YOUR OBJECTIVE
What is needed is the whole of the data, set down exactly.

Collected data

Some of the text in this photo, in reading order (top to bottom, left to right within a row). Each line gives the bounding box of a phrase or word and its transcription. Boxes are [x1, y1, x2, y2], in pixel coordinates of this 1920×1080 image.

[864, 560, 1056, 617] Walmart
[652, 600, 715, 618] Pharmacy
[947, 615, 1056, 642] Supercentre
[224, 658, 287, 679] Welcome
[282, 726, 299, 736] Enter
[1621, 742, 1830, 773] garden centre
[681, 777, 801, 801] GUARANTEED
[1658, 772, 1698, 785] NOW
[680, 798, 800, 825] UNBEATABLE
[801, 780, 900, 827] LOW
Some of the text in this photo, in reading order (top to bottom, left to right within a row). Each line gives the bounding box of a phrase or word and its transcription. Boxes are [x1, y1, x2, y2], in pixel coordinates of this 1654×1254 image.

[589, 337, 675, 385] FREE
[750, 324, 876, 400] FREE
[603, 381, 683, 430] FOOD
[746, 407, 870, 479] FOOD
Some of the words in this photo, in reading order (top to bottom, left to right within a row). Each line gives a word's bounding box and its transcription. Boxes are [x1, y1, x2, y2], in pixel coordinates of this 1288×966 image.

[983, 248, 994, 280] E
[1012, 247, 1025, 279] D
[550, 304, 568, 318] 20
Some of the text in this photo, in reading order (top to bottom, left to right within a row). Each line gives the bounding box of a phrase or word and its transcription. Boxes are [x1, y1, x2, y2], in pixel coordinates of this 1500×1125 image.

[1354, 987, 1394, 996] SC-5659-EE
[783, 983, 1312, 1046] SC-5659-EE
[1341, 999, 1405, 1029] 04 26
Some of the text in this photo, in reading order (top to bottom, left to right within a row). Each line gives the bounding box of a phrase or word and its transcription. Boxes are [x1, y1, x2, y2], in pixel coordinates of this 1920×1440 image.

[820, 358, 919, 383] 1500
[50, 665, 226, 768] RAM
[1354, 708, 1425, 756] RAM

RESPONSE BOX
Some of the text in this photo, in reading order (top to bottom, left to right within a row). Each line gives the bounding box of a phrase or word and its transcription. Boxes are [x1, y1, x2, y2], in pixel coordinates of this 1920×1080 image.

[864, 560, 1056, 617] Walmart
[652, 600, 715, 618] Pharmacy
[947, 615, 1056, 642] Supercentre
[224, 658, 287, 679] Welcome
[282, 726, 299, 736] Enter
[1621, 742, 1830, 773] garden centre
[681, 777, 801, 801] GUARANTEED
[1658, 772, 1698, 785] NOW
[680, 798, 800, 825] UNBEATABLE
[801, 780, 900, 827] LOW
Some of the text in this photo, in reading order (top to bottom, left to right within a row). Each line gives the bounding box of a phrase or word and its transcription. Boxes are [x1, y1, x2, y2], in pixel coordinates of this 1654×1254 image.

[589, 337, 675, 385] FREE
[750, 324, 876, 400] FREE
[603, 381, 683, 430] FOOD
[746, 407, 870, 479] FOOD
Some of the words in this photo, in reading order (top to bottom, left to right within a row). Each line gives a word's bounding box and its transcription. Boxes are [x1, y1, x2, y2], in pixel coordinates of this 1288×966 image.

[983, 248, 994, 280] E
[1012, 247, 1025, 279] D
[550, 304, 568, 318] 20
Some of the text in this photo, in reading order (top to bottom, left to right within a row). Each line gives the bounding box of a phrase or word and its transcription. Boxes are [x1, y1, x2, y2], in pixel coordinates of this 1500×1125 image.

[1354, 987, 1394, 996] SC-5659-EE
[783, 983, 1312, 1046] SC-5659-EE
[1341, 999, 1405, 1029] 04 26
Some of the text in this photo, in reading order (top to bottom, left to right within a row). Each line gives the bounding box of a phrase or word and its transcription. Boxes are [x1, y1, x2, y2], in pixel coordinates of this 1920×1440 image.

[820, 358, 919, 383] 1500
[50, 665, 226, 768] RAM
[1354, 708, 1425, 756] RAM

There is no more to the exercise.